A Complete Listing of C++ String Types
Inspired by a recent IRC conversation, I decided to make a complete list of all of the major string types you're in danger of encountering when working in C++, along with a brief description.
- char[] -- By far the most primitive string type, but fairly common. A fixed size array of (almost certainly ANSI) characters. Might be null terminated, might not. Kinda depends on what the programmer felt like at the time.
- char*, unsigned char*, signed char* -- Your good ol' (usually) null terminated array of bytes. Usually correspond 1<->1 with characters, unless you're using an actual encoding such as UTF-8.
- wchar_t* -- The most basic Unicode string type; very nearly always indicates a UCS2 encoding. Again, null terminated.
- std::string -- Still an array of bytes, but null termination is dispensed with in favor of a length stored inside the string class (not in the string data itself). It's pretty much assumed that you're looking at ANSI here without any encoding.
- std::wstring -- Like the string class, but an array of wchar_t instead of char. UCS2 encoding is assumed.

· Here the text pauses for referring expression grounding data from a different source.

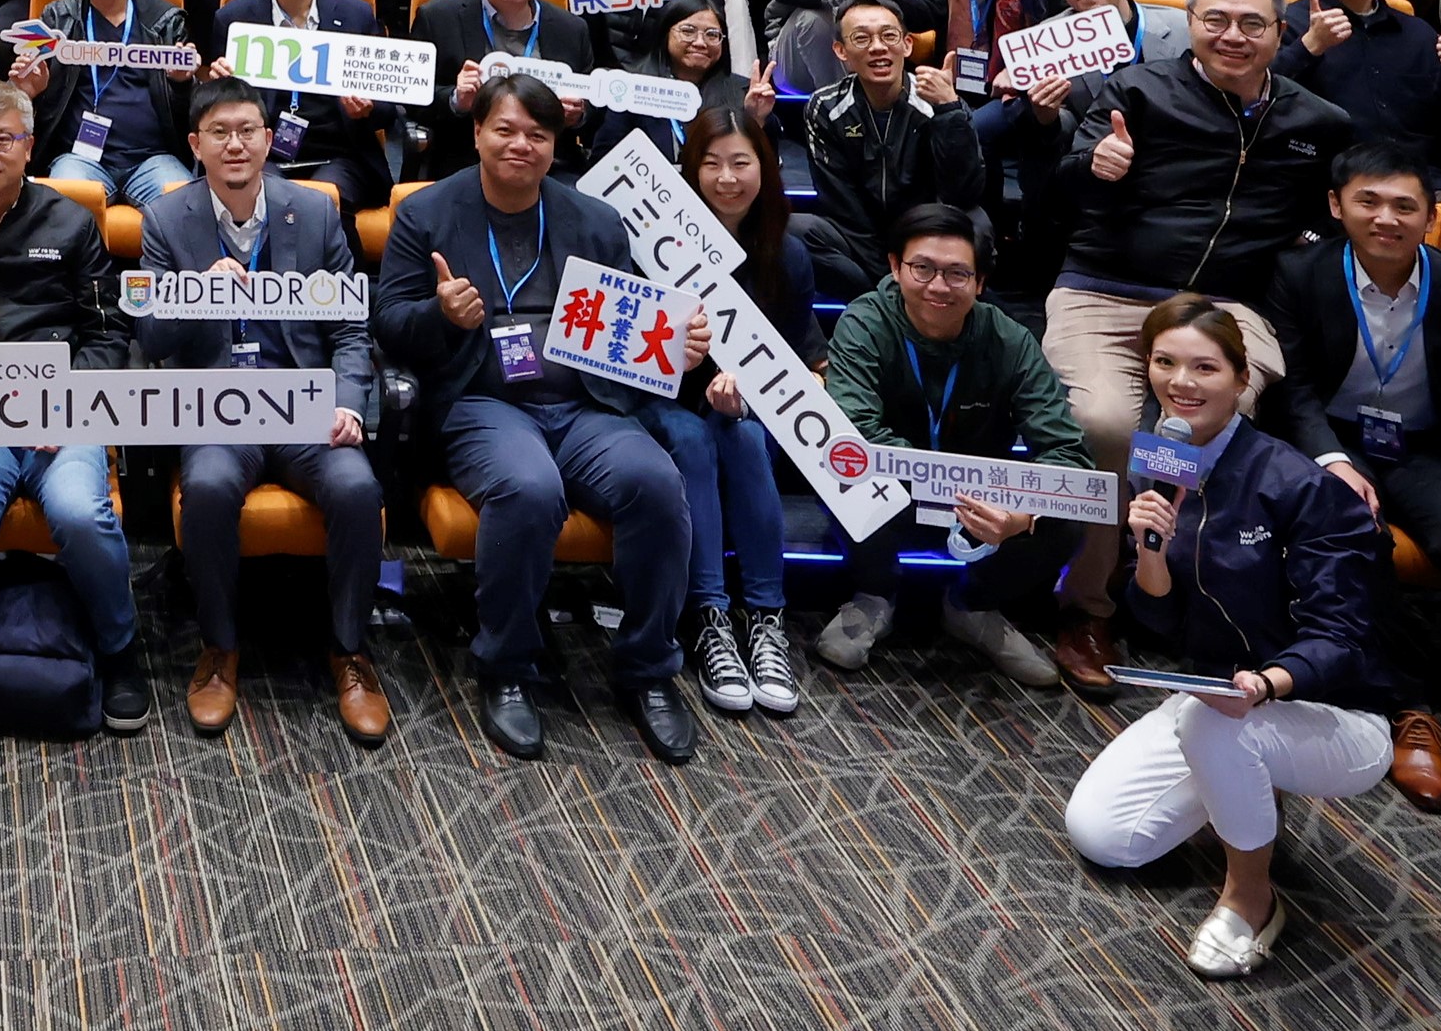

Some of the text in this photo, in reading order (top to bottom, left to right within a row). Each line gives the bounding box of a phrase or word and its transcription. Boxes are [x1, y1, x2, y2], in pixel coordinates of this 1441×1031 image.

[1005, 9, 1113, 63] HKUST
[60, 45, 194, 67] CUHK PI CENTRE
[343, 58, 410, 74] HONG KONG
[345, 45, 431, 65] 香港都會大學
[1013, 42, 1131, 86] Startups
[341, 79, 409, 95] UNIVERSITY
[342, 70, 429, 87] METROPOLITAN
[623, 149, 723, 265] HONG KONG
[161, 276, 365, 306] iDENDRON
[599, 272, 666, 303] HKUST
[180, 308, 237, 316] INNOVATION
[558, 287, 676, 375] 科 大
[601, 165, 889, 502] TECHATHO+
[606, 295, 642, 365] 創業家
[549, 347, 674, 392] ENTREPRENEURSHIP CENTER
[875, 451, 983, 485] Lingnan
[987, 465, 1108, 498] 嶺南大學
[930, 481, 1025, 510] University
[1027, 497, 1108, 519] 香港 Hong Kong
[1148, 534, 1156, 543] 6

- std::basic_string -- This is the template that's used to form std::string and std::wstring.
- boost::const_string -- An immutable string that provides a subset of std::basic_string functionality.
- LPSTR -- This one's a Win32 typedef for char*.
- LPWSTR -- And this one's a Win32 typedef for wchar_t*.
- TCHAR* -- A null terminated array of wchar_t if UNICODE is defined, or char otherwise.
- LPTSTR -- Win32 typedef for TCHAR*.
- LPCSTR, LPCWSTR, LPCTSTR -- Const versions of the Win32 string types. Take out the C to figure out what they are.
- BSTR -- This is a COM string. It's an array of characters, prefixed by a 4 byte length specifier. It's an array of OLECHAR; the characters are UCS2 on Windows, ANSI on Mac. It can can contain null characters. It's also terminated by two null characters. The BSTR pointer always points to the first character, so the length is at ptr[-2], at least on Windows. Oh, and Visual Basic 6 uses these for all its strings.
- CString -- ATL/MFC string class. C++ code that does anything serious with Windows inevitably ends up using these things. Character size is controlled by the UNICODE define again. Oh, and it comes in CStringA and CStringW variations if you want.
- CStringT -- This is the template class used to form CString.
- CSimpleStringT -- This is the base class for CStringT.
- PXSTR, PYSTR -- PXSTR is the internal type used by CSimpleStringT. If PXSTR is Unicode, then PYSTR isn't, and vice versa. Also comes in const (C) variations.
- CAtlString -- Apparently this appears when you're using ATL but not the CRT or something. Also comes in A and W variations. It's actually just a typedef for CString.
- CComBSTR -- This is a class that wraps BSTR.
- _bstr_t -- This is also a class that wraps BSTR.
- VARIANT -- Here's a fun one. It's a COM variant type. It can be VT_BSTR, VT_LPSTR, or VT_LPWSTR. (And it doesn't have to be a string, of course.)
- wxString -- The string class from wxWidgets. Can be Unicode or not, and can contain null characters.
- GString -- The string class from GLIB, used by GTK+ and GNOME. It stores the length of the string and can contain null characters. Sadly, the people working on and with these libraries still think the name is funny.
- QString -- The string class from Qt. It's a null terminated array of Unicode/UCS2 characters.
- QCString -- Same as QString, but with ANSI single byte characters instead.
- FString -- The string class from Unreal.
- CStr -- The string class from 3D Studio Max.
- MString -- The string class from Maya.
- System::String^ -- If you're lucky enough to be working with C++/CLI, you get to use this .NET string, which is an immutable UTF-16 string. You heard me. UTF-16. Not UCS2. A single character can be more than one System::Char long.
- System::StringBuilder^ -- A mutable statically sized buffer of System::Char. This is usually for doing a lot of string manipulation without ending up with tons of extra allocations.
This list is still a work in progress, mind you. I'm sure there's plenty of string types from major libraries that I'm missing, and there's probably lots of detail that can be added to the ones I've listed so far.